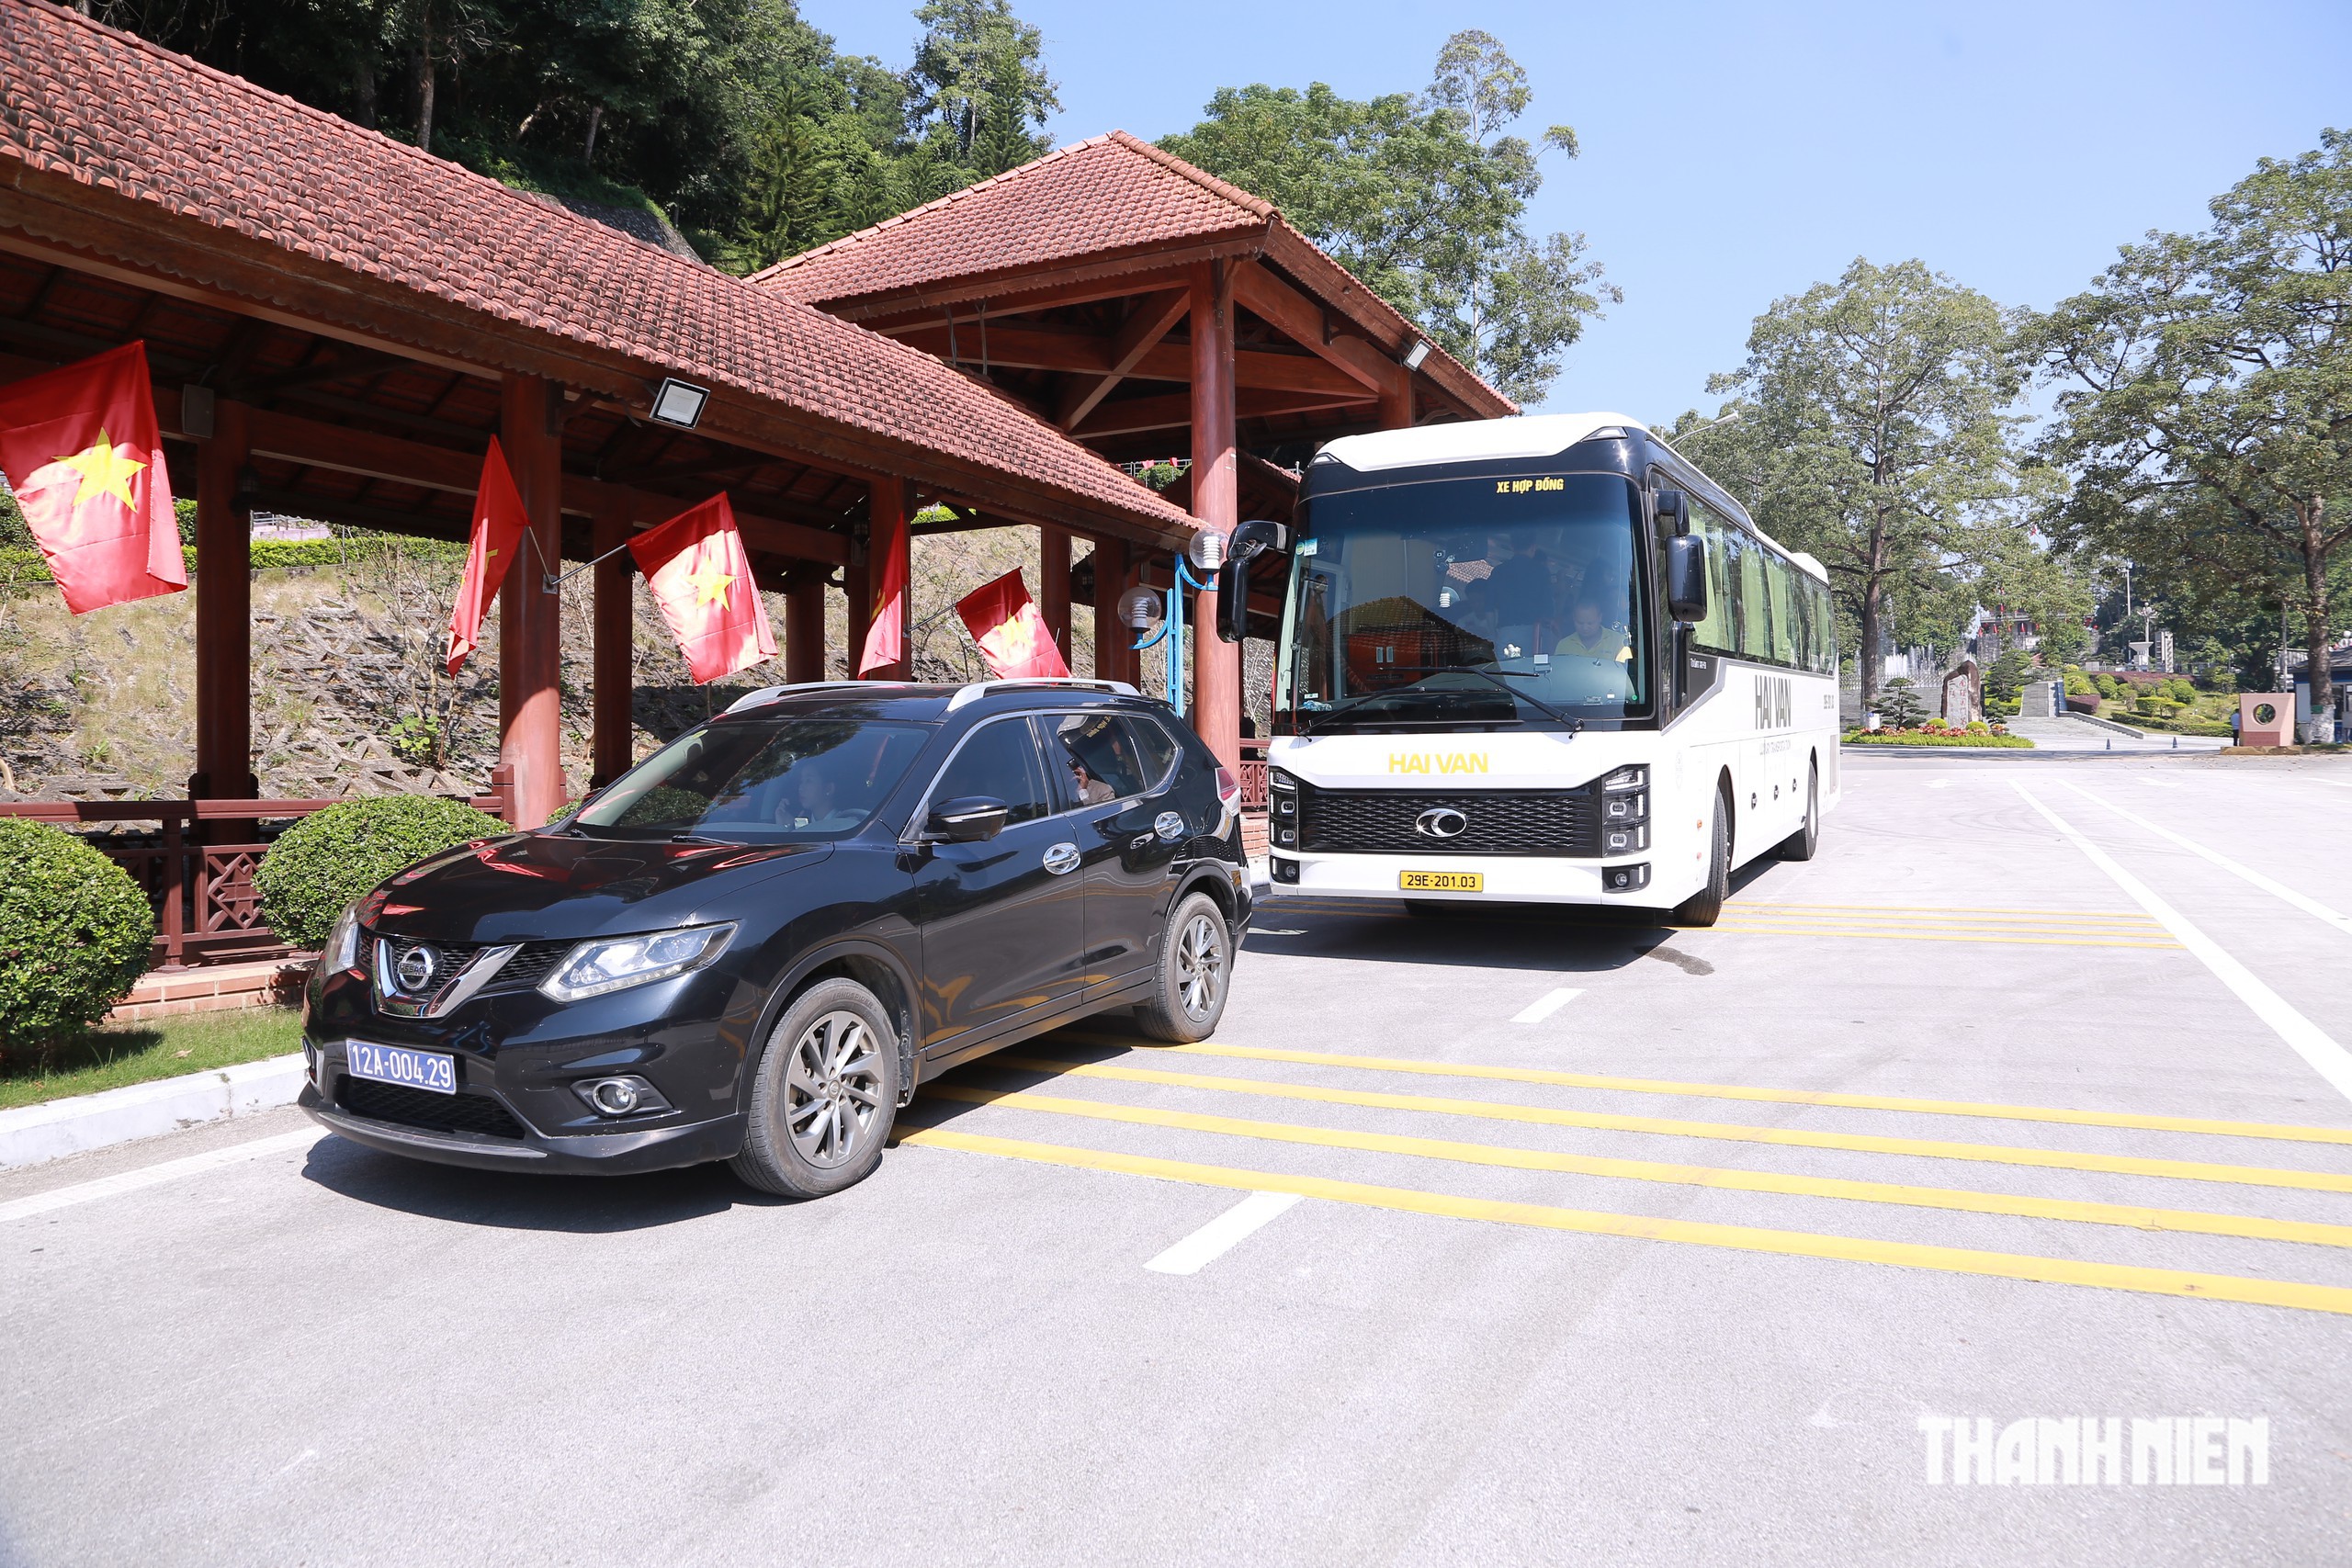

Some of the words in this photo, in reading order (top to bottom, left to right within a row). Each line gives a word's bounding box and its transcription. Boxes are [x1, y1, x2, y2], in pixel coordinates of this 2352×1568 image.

[1497, 481, 1510, 493] XE
[1512, 479, 1533, 494] HỢP
[1535, 476, 1565, 491] ĐỒNG
[1755, 674, 1771, 730] HAI
[1773, 677, 1792, 728] VAN
[1388, 752, 1430, 774] HAI
[1434, 752, 1488, 774] VAN
[1407, 874, 1476, 888] 29E-201.03
[352, 1044, 452, 1089] 12A-004.29

==============================

▶ **PROBLEM DESCRIPTION**:
Since the copy must hold no pictures, repeat everything else in the records exactly as written.

▶ **EXERCISE SOLUTION**:
Some of the words in this photo, in reading order (top to bottom, left to right within a row). Each line gives a word's bounding box and its transcription. Boxes are [x1, y1, x2, y2], in pixel coordinates of this 2352×1568 image.

[1497, 481, 1510, 493] XE
[1512, 479, 1533, 494] HỢP
[1535, 476, 1565, 491] ĐỒNG
[1755, 674, 1771, 730] HAI
[1773, 677, 1792, 728] VAN
[1388, 752, 1430, 774] HAI
[1434, 752, 1488, 774] VAN
[1407, 874, 1476, 888] 29E-201.03
[352, 1044, 452, 1089] 12A-004.29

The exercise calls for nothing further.